#### [Action item]
Print every record exactly as it appears. Leave the pictures out.

#### [Extracted entries]

= = =

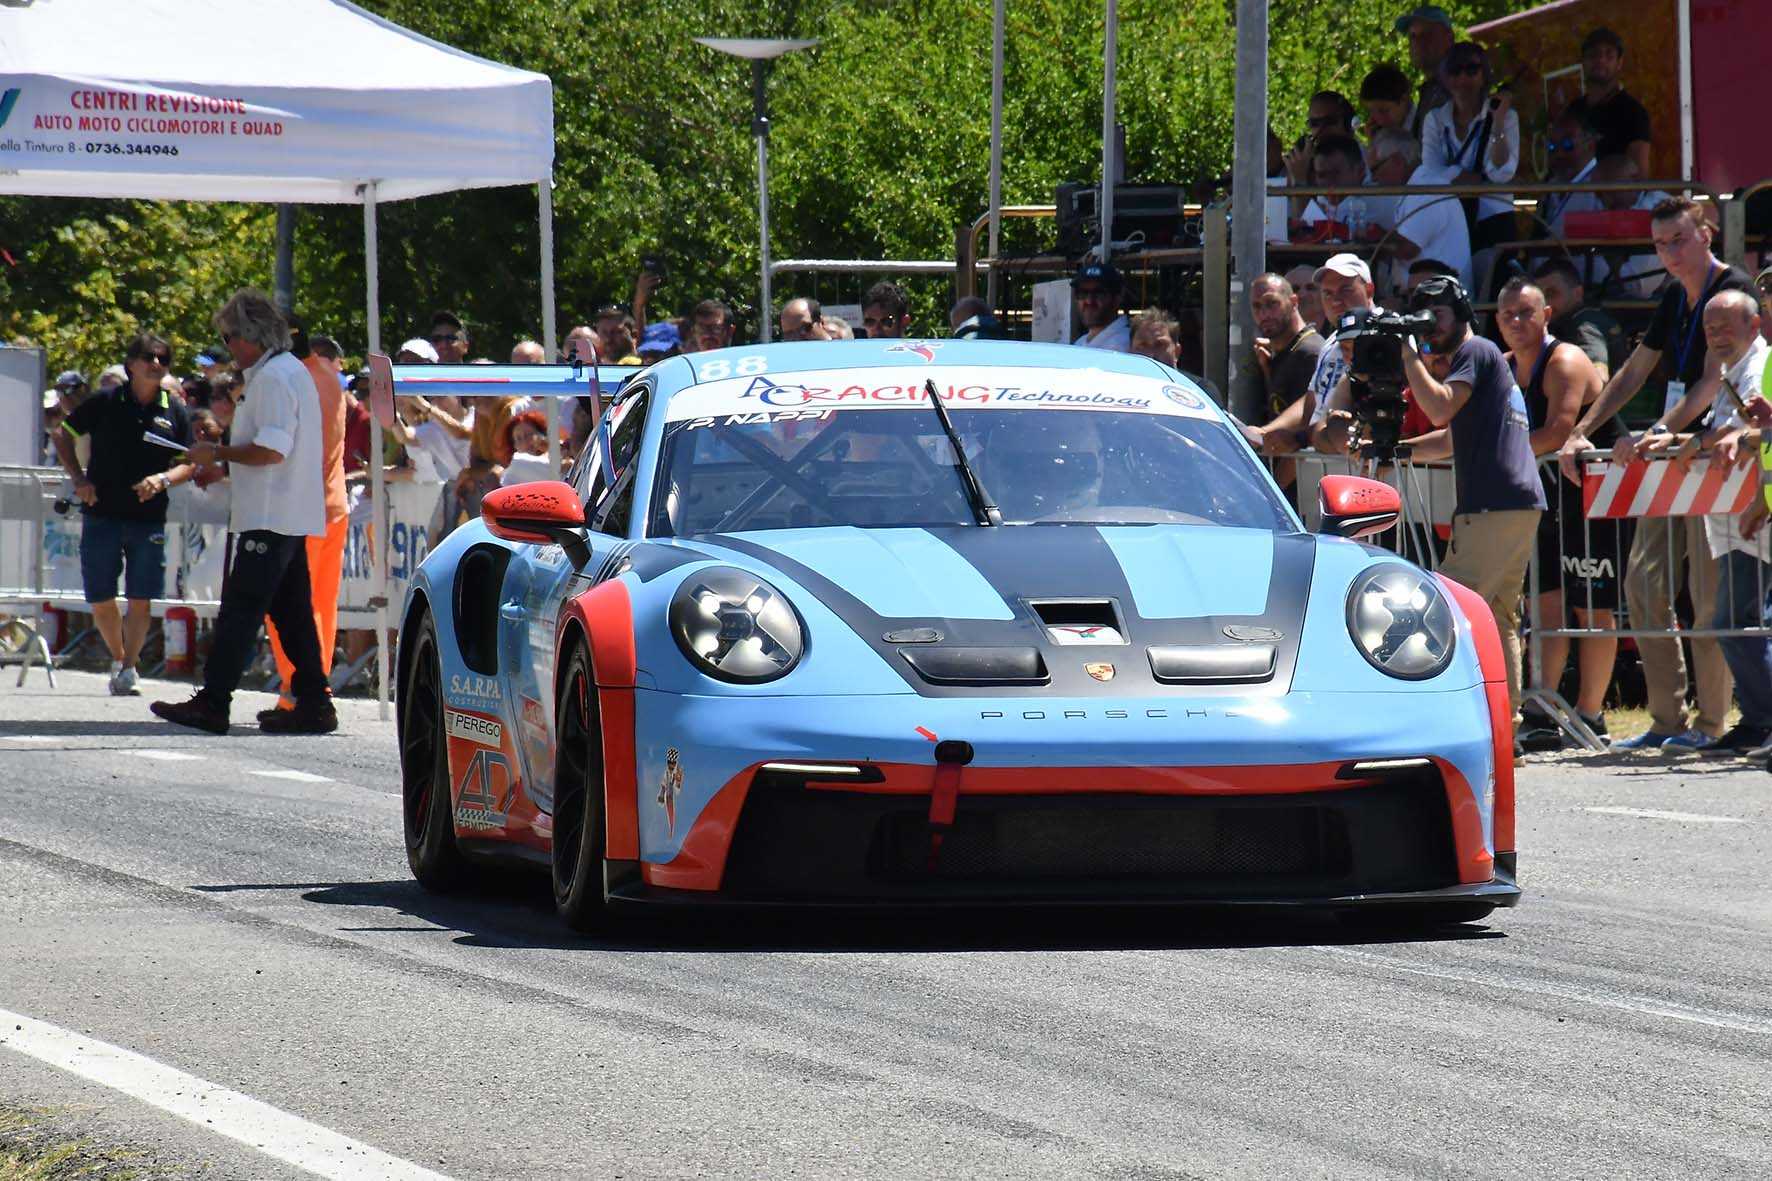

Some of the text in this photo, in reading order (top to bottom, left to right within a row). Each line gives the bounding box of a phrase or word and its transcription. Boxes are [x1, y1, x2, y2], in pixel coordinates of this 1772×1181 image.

[71, 90, 247, 115] CENTRI REVISIONE
[34, 114, 283, 136] AUTO MOTO CICLOMOTORI E QUAD
[24, 139, 64, 152] Tintura
[68, 142, 75, 152] 8
[86, 142, 179, 156] 0736.344946
[700, 356, 768, 381] 88
[995, 387, 1151, 408] Technology
[687, 409, 833, 431] P. NAPPI
[456, 714, 500, 737] PEREGO

= = =

#### [Response box]
Some of the text in this photo, in reading order (top to bottom, left to right within a row). Each line gives the bounding box of a phrase or word and its transcription. Boxes are [x1, y1, x2, y2], in pixel coordinates of this 1772×1181 image.

[71, 90, 247, 115] CENTRI REVISIONE
[34, 114, 283, 136] AUTO MOTO CICLOMOTORI E QUAD
[24, 139, 64, 152] Tintura
[68, 142, 75, 152] 8
[86, 142, 179, 156] 0736.344946
[700, 356, 768, 381] 88
[995, 387, 1151, 408] Technology
[687, 409, 833, 431] P. NAPPI
[456, 714, 500, 737] PEREGO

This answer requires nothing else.